*** Begin section ***

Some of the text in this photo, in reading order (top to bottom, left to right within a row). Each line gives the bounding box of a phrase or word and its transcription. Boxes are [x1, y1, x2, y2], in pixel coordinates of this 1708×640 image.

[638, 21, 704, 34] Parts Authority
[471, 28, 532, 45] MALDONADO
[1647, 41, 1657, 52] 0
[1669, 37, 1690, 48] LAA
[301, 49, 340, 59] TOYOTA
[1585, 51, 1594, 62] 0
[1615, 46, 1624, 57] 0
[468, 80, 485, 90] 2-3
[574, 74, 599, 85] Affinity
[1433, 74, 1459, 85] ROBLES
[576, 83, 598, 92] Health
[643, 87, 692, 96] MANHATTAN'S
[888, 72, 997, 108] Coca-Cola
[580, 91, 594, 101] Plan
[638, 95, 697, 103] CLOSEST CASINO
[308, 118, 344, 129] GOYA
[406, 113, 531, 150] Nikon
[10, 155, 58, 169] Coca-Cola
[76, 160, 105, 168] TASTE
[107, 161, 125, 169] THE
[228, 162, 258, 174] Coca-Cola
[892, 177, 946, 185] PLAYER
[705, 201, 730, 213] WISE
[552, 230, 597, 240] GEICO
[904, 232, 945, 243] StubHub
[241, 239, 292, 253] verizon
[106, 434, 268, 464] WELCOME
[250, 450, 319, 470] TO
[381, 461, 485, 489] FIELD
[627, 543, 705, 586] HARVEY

*** End section ***

§ **Required action**
Write out every entry again so that each line matches the original exactly.

§ **Response**
Some of the text in this photo, in reading order (top to bottom, left to right within a row). Each line gives the bounding box of a phrase or word and its transcription. Boxes are [x1, y1, x2, y2], in pixel coordinates of this 1708×640 image.

[638, 21, 704, 34] Parts Authority
[471, 28, 532, 45] MALDONADO
[1647, 41, 1657, 52] 0
[1669, 37, 1690, 48] LAA
[301, 49, 340, 59] TOYOTA
[1585, 51, 1594, 62] 0
[1615, 46, 1624, 57] 0
[468, 80, 485, 90] 2-3
[574, 74, 599, 85] Affinity
[1433, 74, 1459, 85] ROBLES
[576, 83, 598, 92] Health
[643, 87, 692, 96] MANHATTAN'S
[888, 72, 997, 108] Coca-Cola
[580, 91, 594, 101] Plan
[638, 95, 697, 103] CLOSEST CASINO
[308, 118, 344, 129] GOYA
[406, 113, 531, 150] Nikon
[10, 155, 58, 169] Coca-Cola
[76, 160, 105, 168] TASTE
[107, 161, 125, 169] THE
[228, 162, 258, 174] Coca-Cola
[892, 177, 946, 185] PLAYER
[705, 201, 730, 213] WISE
[552, 230, 597, 240] GEICO
[904, 232, 945, 243] StubHub
[241, 239, 292, 253] verizon
[106, 434, 268, 464] WELCOME
[250, 450, 319, 470] TO
[381, 461, 485, 489] FIELD
[627, 543, 705, 586] HARVEY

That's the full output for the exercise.